Apollo et GoodLife : 800 M$ qui changent la donne
Le 1er mai 2026, Ares Management et JPMorgan ont bouclé un package de crédit privé d'environ 800 millions de dollars pour soutenir l'investissement d'Apollo dans GoodLife Group. La structure retenue : un prêt à terme de premier rang de 675 M$ auquel s'ajoute une ligne de crédit revolving de 125 M$. C'est propre, c'est massif, et ça envoie un signal très clair au marché.
Ce signal, le voilà : les grandes chaînes de salles de fitness sont désormais traitées comme des actifs d'infrastructure par les gestionnaires d'actifs alternatifs. Pas comme des commerces de détail cycliques. Pas comme des paris spéculatifs. Comme des business à revenus récurrents stables, dignes d'un portefeuille institutionnel.
Si t'es opérateur indépendant ou si tu gères une chaîne régionale, ce deal te concerne directement.
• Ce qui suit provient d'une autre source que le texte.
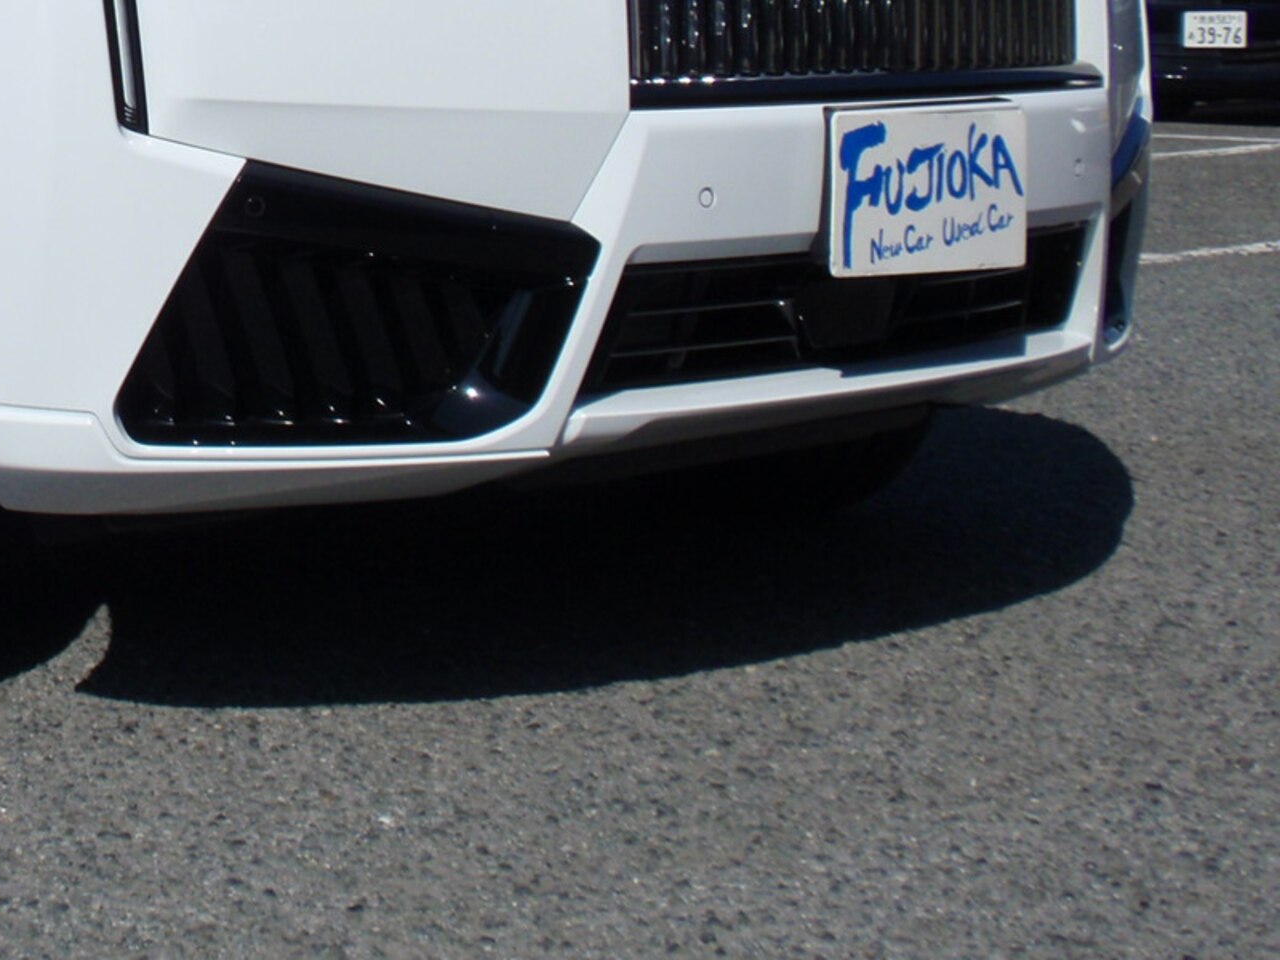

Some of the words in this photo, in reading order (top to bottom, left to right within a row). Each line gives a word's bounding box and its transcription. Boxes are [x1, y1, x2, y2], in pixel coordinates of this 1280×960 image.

Voici pourquoi.
GoodLife, la machine canadienne qui vise le continent
GoodLife, c'est le premier opérateur de salles de fitness au Canada avec plus de 400 clubs. Le groupe sert des millions de membres, dispose d'une infrastructure logistique rodée, et vient d'être capitalisé à un niveau que très peu d'opérateurs en Amérique du Nord peuvent atteindre.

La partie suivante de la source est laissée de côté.